A regra, pela normalidade que nos chega, é a violação ou abuso de qualquer criança que passe os portões da diocese. Crianças violadas por padres como regra? É talvez a maior quebra contratual da sociedade, e tem mil ângulos de abordagem e de análise, e de investigação suplementar, e de levantamento de multidões de bons que considerem fazer uma pausa nas pipocas, levantar-se do sofá e ir para a rua, ou para onde possam fazer a diferença, onde possam, ainda, travar males futuros, que os passados estão feitos”.

Como não surpreende que o já citado padre, professor e ensaísta português Anselmo Borges tenha acusado ao jornal “Público”, numa peça publicada a 22 de Agosto p.p., a Cúria Romana de ser responsável “por mais ateus do que Karl Marx, Nietzsche e Freud juntos” ou que o bispo emérito das Forças Armadas D. Januário Torgal Ferreira defenda expressamente que “a Igreja tem de assumir esta vergonha, promovendo uma purga e uma catarse”. Ou ainda que, como reclama Isabel Allegro de Magalhães, professora catedrática e membro do Graal (uma comunidade internacional de mulheres de inspiração cristã), haja um “rigoroso escrutínio psicológico dos candidatos a padres” e se refunda a doutrina da Igreja em relação ao celibato, dando como exemplo as  igrejas protestantes, onde os pastores podem casar, e não se ouve falar de escândalos com esta dimensão.

Que a propósito de todos estes crimes, há uma luta no seio da Igreja, isso é por demais evidente.

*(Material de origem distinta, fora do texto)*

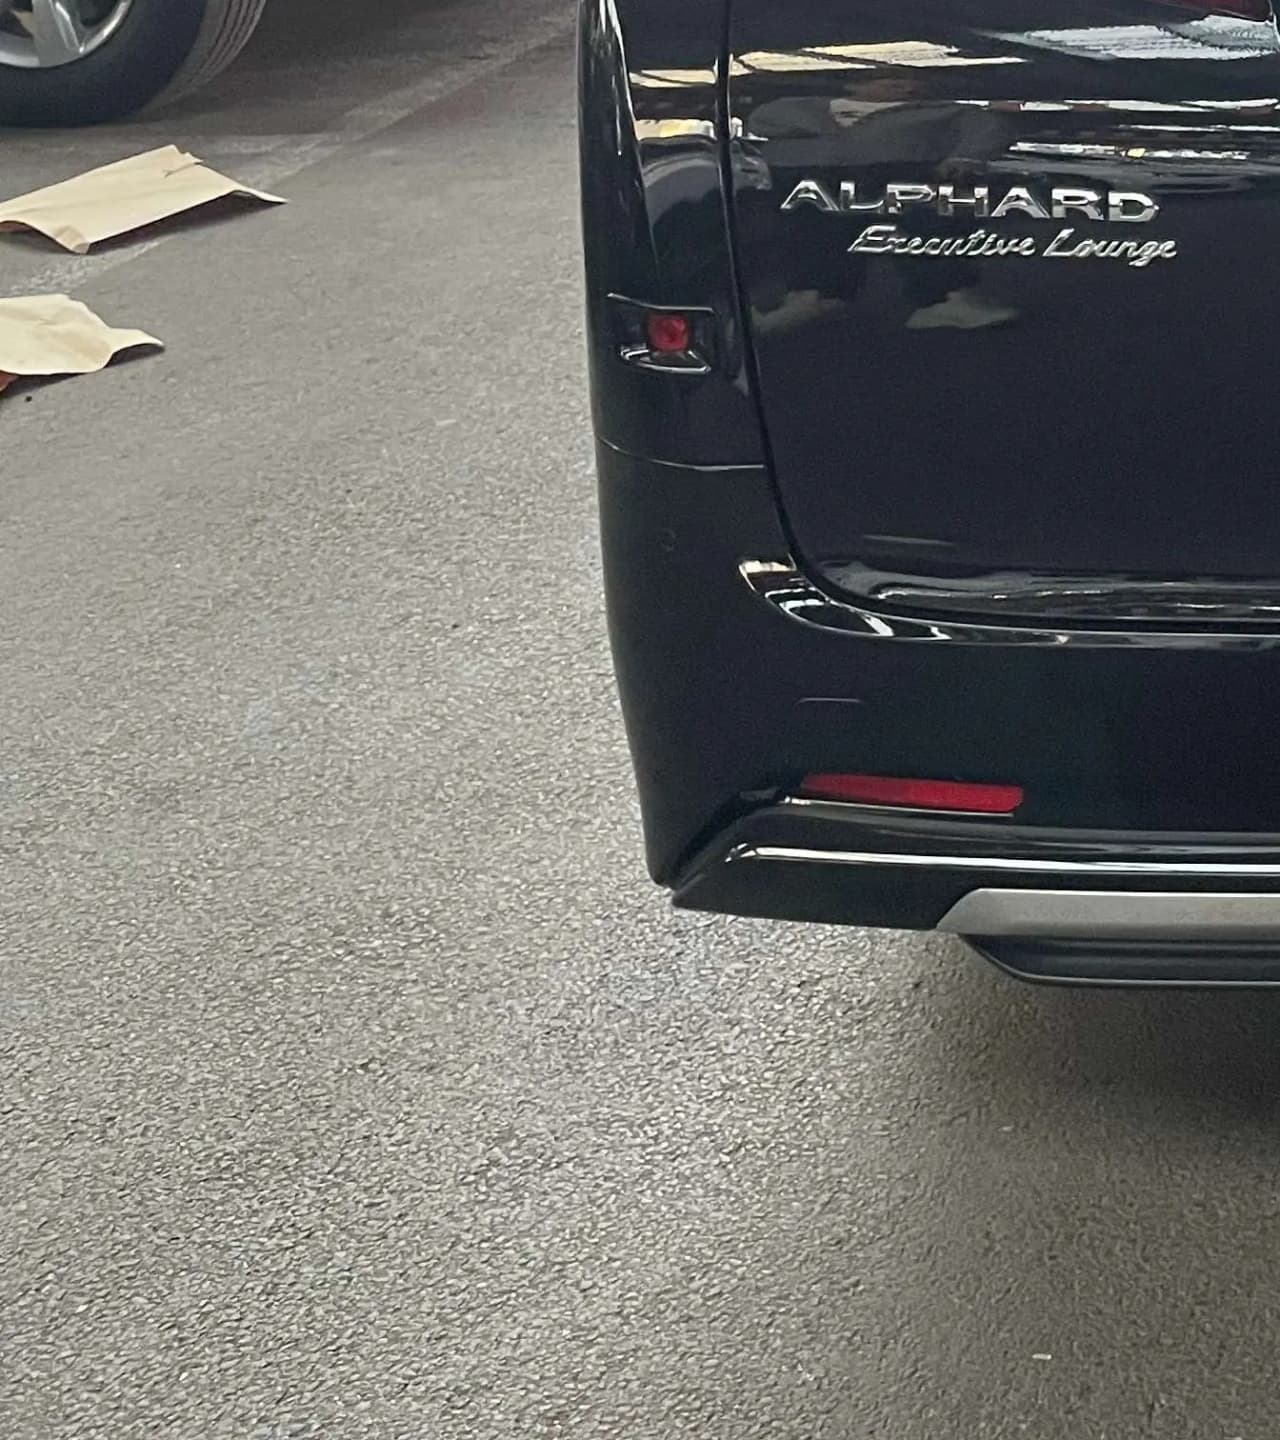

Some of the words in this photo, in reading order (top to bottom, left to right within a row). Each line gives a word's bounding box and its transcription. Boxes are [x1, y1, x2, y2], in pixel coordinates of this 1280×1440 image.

Ao ponto de haver quem reivindique a renúncia do Papa Francisco. O que levou a escritora Lídia Jorge a considerar, igualmente nas páginas do “Público”, que “o cisma não está à vista, está escondido”, ao mesmo tempo que manifestava “esperança num esclarecimento, que pode ir à ruptura”. E aponta duas coisas que fazem mover a Igreja mais “arcaica”: “o sistema neocapitalista que ele (o Papa) tem derrubado com as encíclicas e as questões sexuais, homossexuais, e o papel das mulheres e dos recasados”.
Enfim, resta saber quem irá vencer a batalha que está em curso.

  * Por opção, o presente texto foi escrito de acordo com a antiga ortografia.